Your assignment:
Before printing the listing, strip out its pictures and keep everything else exact.

Source data:

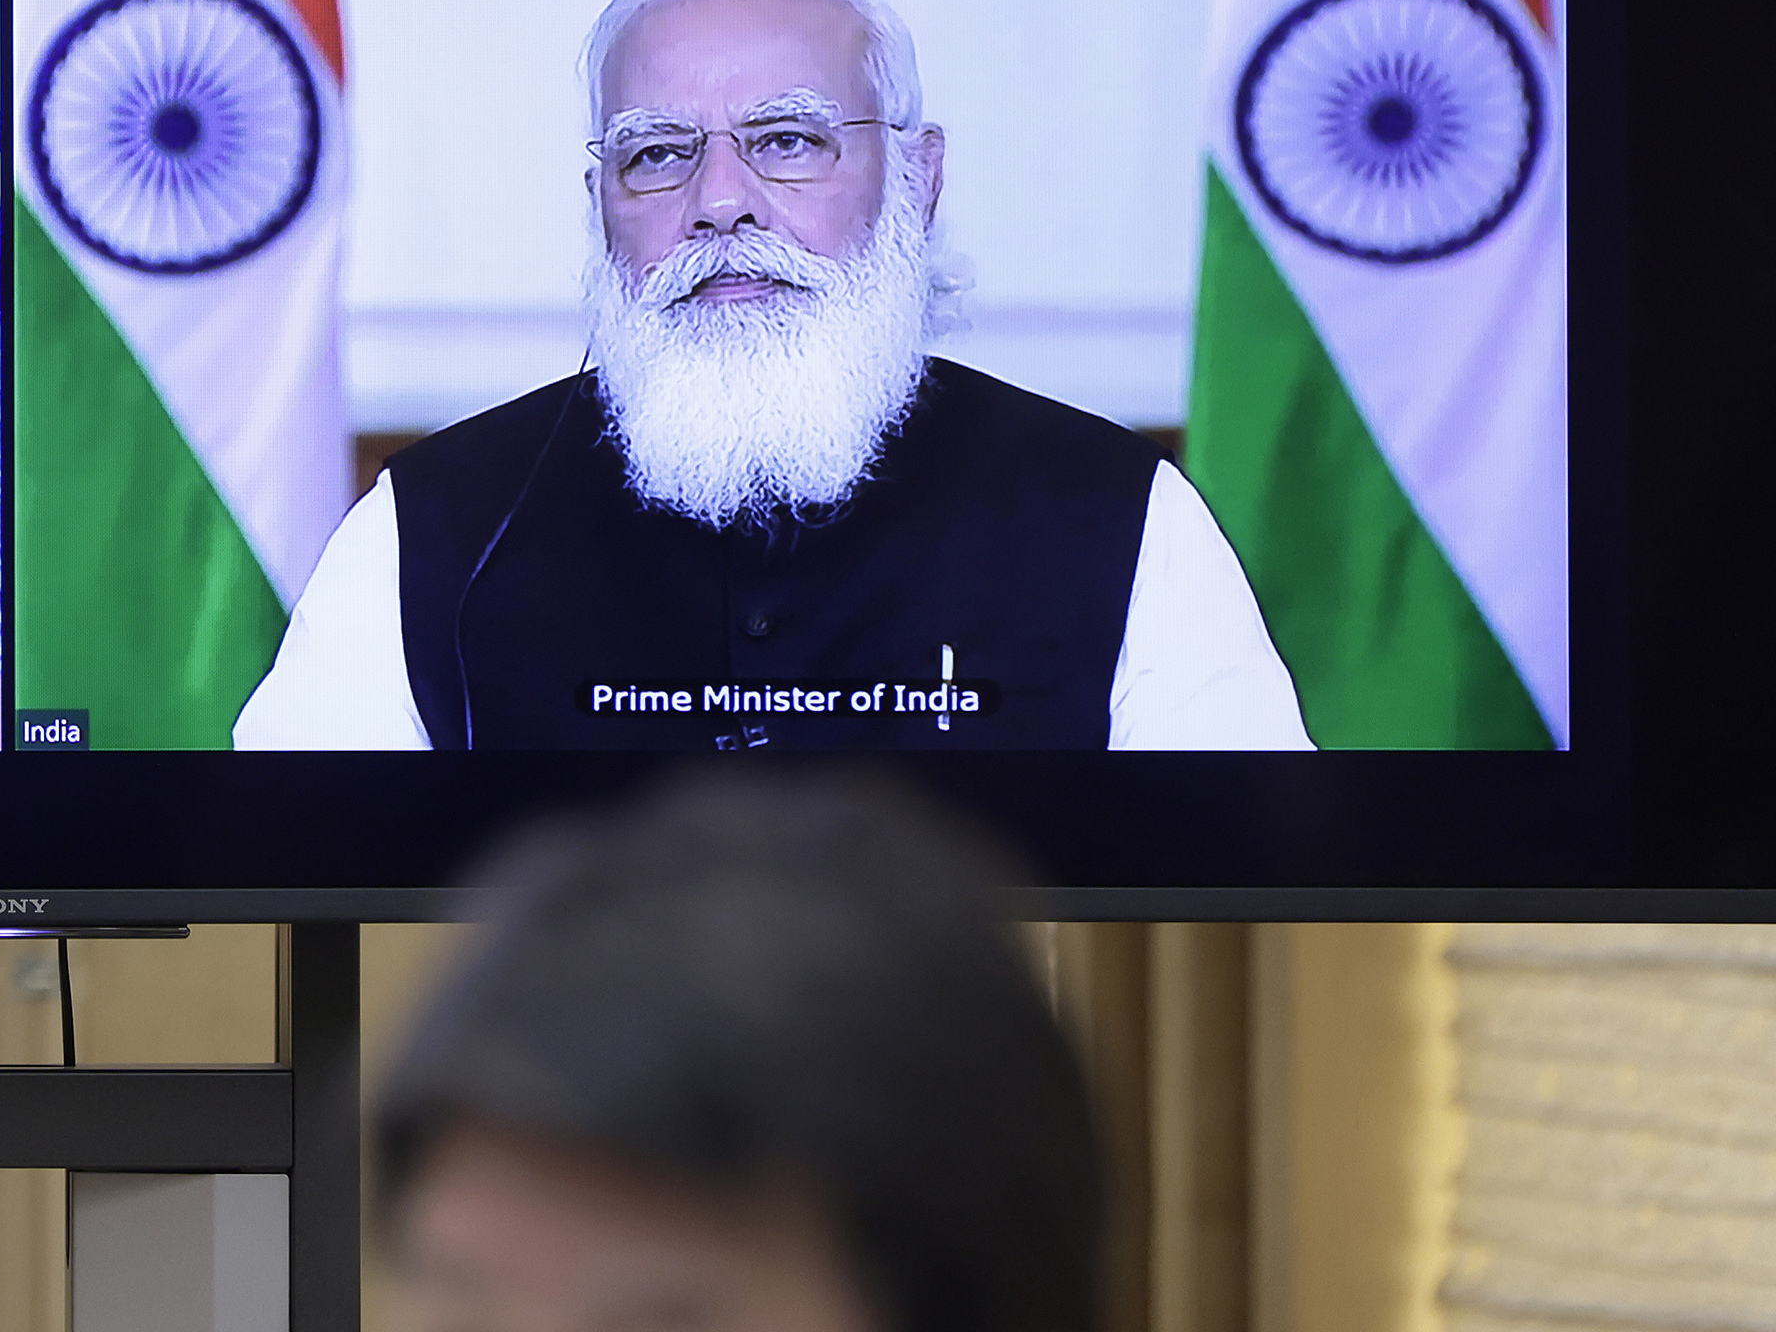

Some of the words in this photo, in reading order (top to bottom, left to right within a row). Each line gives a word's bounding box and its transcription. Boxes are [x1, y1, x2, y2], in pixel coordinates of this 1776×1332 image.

[592, 684, 693, 712] Prime
[703, 684, 841, 713] Minister
[850, 683, 886, 712] of
[893, 684, 980, 712] India
[23, 718, 81, 743] India
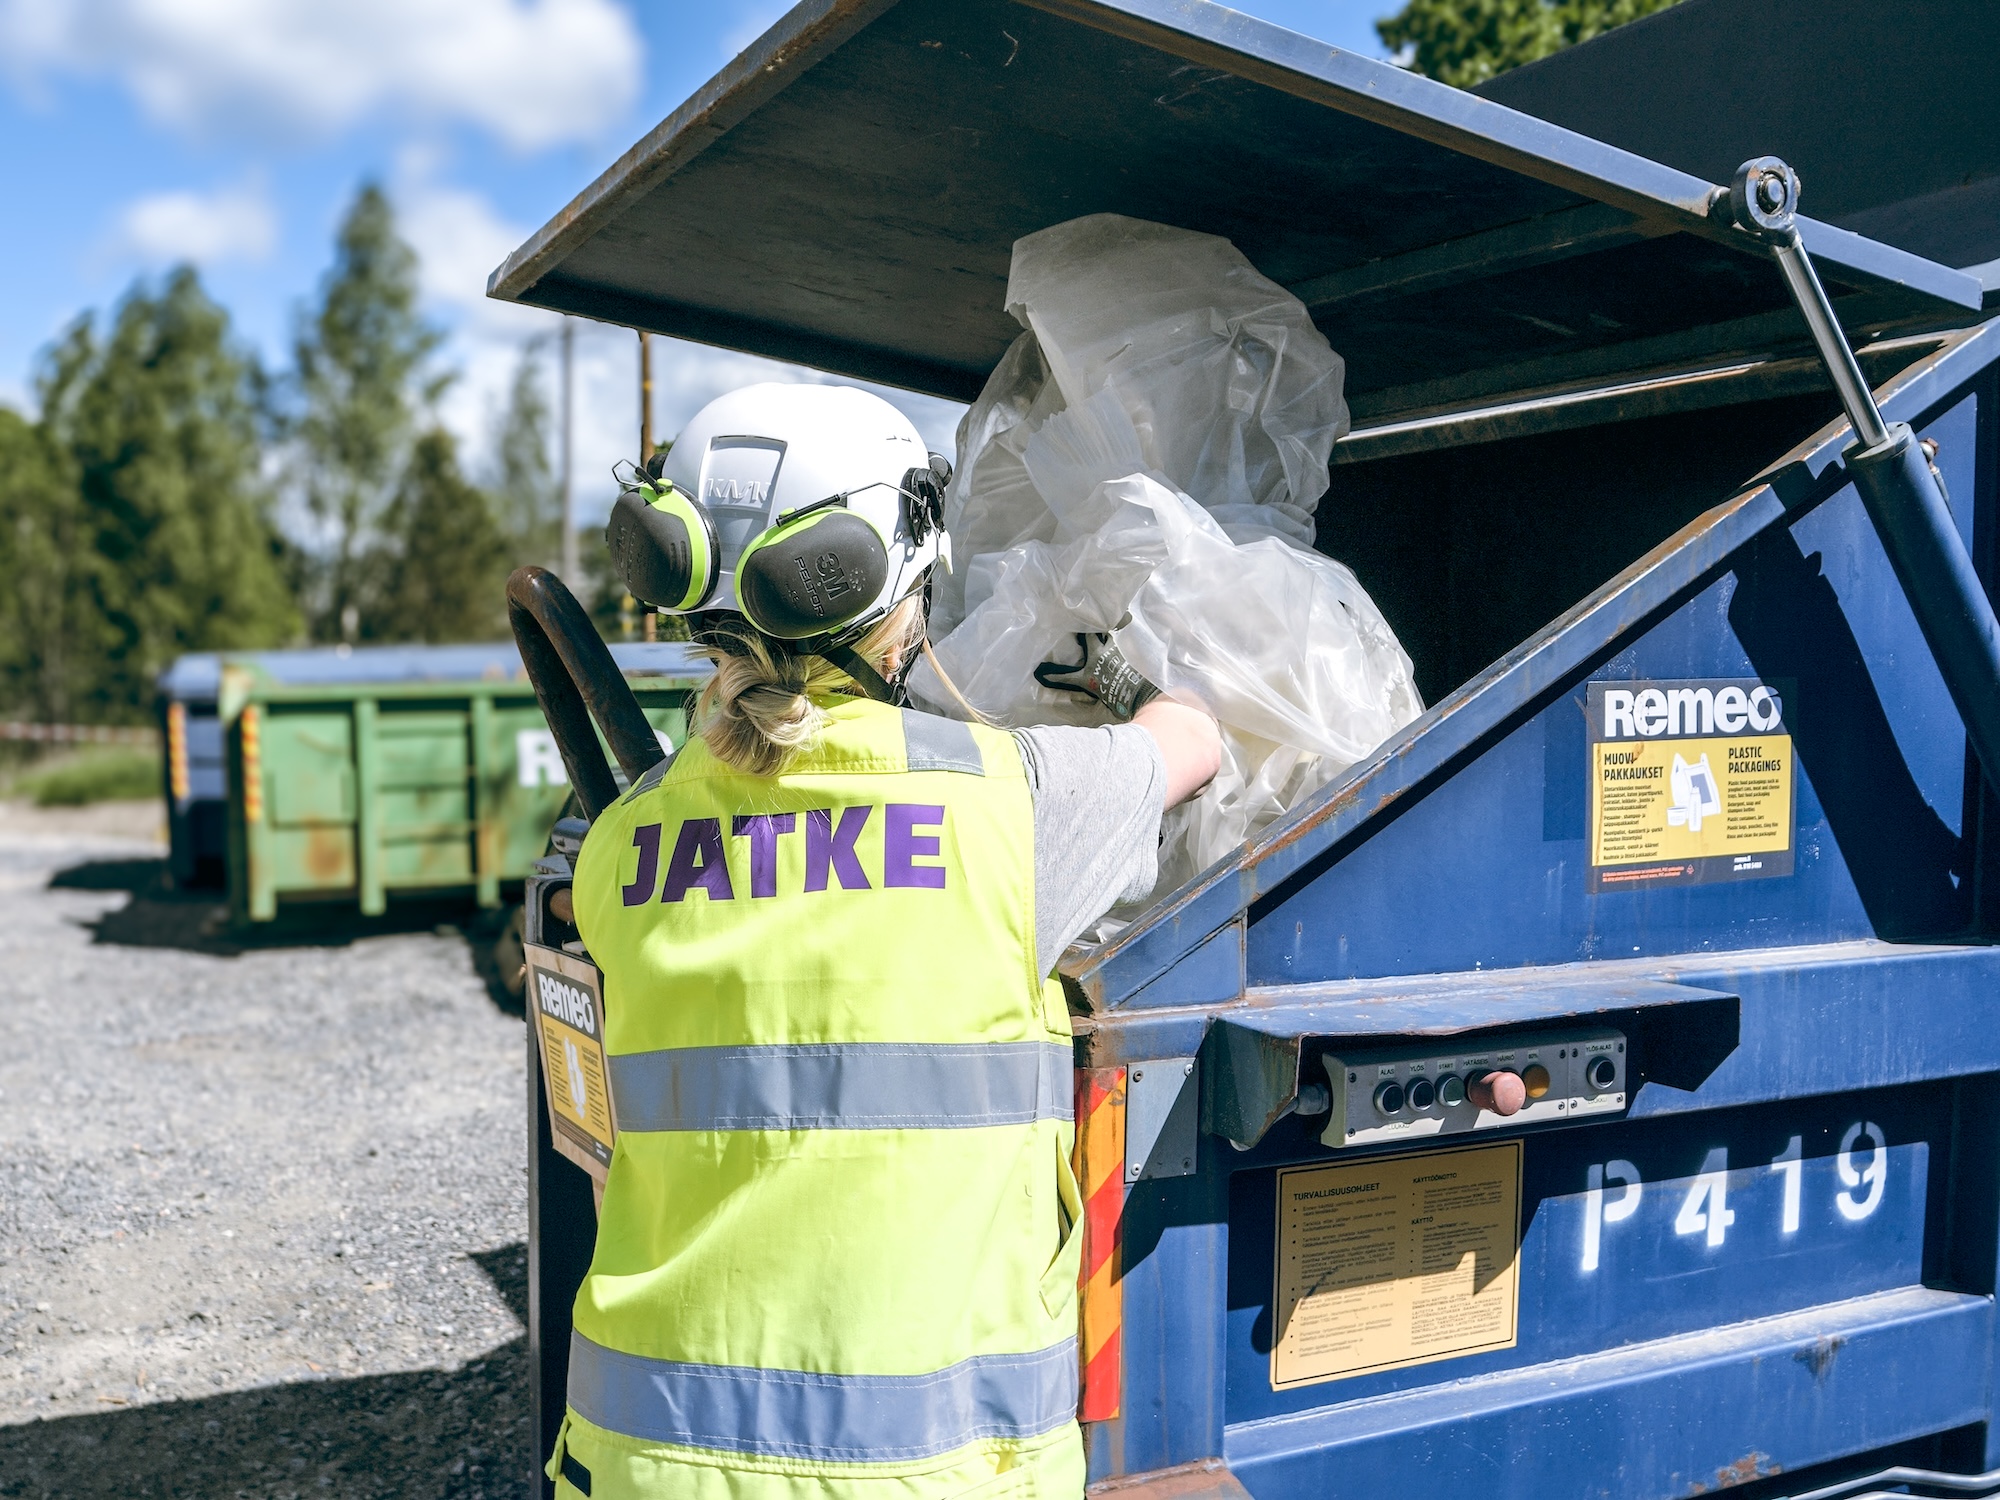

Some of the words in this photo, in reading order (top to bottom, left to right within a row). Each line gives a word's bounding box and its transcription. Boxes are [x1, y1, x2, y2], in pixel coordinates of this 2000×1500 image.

[815, 552, 850, 600] 3M
[793, 556, 825, 618] PELTOR
[1604, 685, 1783, 737] Remeo
[1728, 746, 1762, 759] PLASTIC
[1604, 766, 1664, 781] PAKKAUKSET
[1728, 760, 1781, 774] PACKAGINGS
[622, 803, 946, 907] JATKE
[538, 972, 594, 1035] Remeo
[1412, 1172, 1458, 1184] KÄYTTÖÖNOTTO
[1293, 1182, 1380, 1200] TURVALLISUUSOHJEET
[1411, 1216, 1434, 1225] KÄYTTÖ
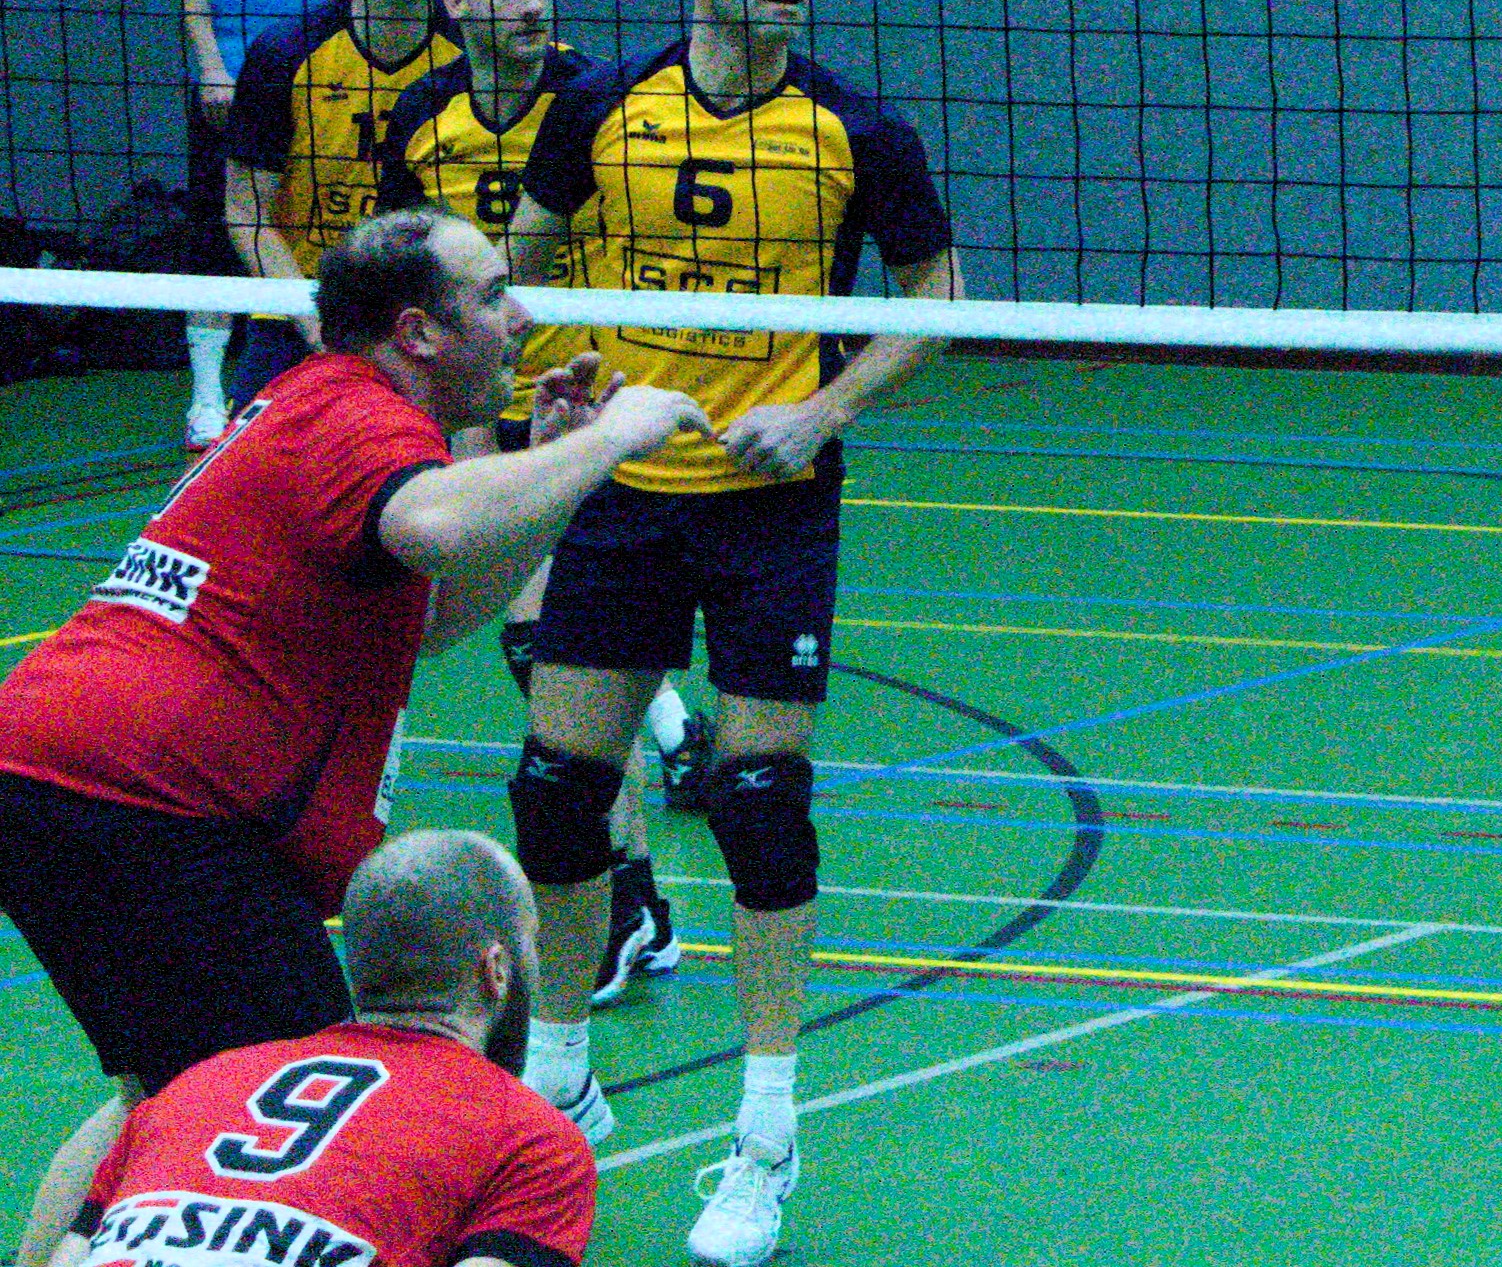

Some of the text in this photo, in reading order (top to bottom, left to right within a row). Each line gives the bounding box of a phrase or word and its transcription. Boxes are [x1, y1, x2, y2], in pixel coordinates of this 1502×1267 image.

[475, 170, 523, 225] 8
[673, 158, 735, 227] 6
[205, 1055, 391, 1182] 9

Answer:
Some of the words in this photo, in reading order (top to bottom, left to right within a row). Each line gives a word's bounding box and its transcription. Boxes are [x1, y1, x2, y2], in pixel coordinates of this 1776×1332 image.

[592, 684, 693, 712] Prime
[703, 684, 841, 713] Minister
[850, 683, 886, 712] of
[893, 684, 980, 712] India
[23, 718, 81, 743] India

Some of the words in this photo, in reading order (top to bottom, left to right within a row). Each line gives a word's bounding box and its transcription. Boxes are [x1, y1, x2, y2], in pixel coordinates of this 2000×1500 image.

[815, 552, 850, 600] 3M
[793, 556, 825, 618] PELTOR
[1604, 685, 1783, 737] Remeo
[1728, 746, 1762, 759] PLASTIC
[1604, 766, 1664, 781] PAKKAUKSET
[1728, 760, 1781, 774] PACKAGINGS
[622, 803, 946, 907] JATKE
[538, 972, 594, 1035] Remeo
[1412, 1172, 1458, 1184] KÄYTTÖÖNOTTO
[1293, 1182, 1380, 1200] TURVALLISUUSOHJEET
[1411, 1216, 1434, 1225] KÄYTTÖ

Some of the text in this photo, in reading order (top to bottom, left to right within a row). Each line gives the bounding box of a phrase or word and its transcription. Boxes are [x1, y1, x2, y2], in pixel coordinates of this 1502×1267 image.

[475, 170, 523, 225] 8
[673, 158, 735, 227] 6
[205, 1055, 391, 1182] 9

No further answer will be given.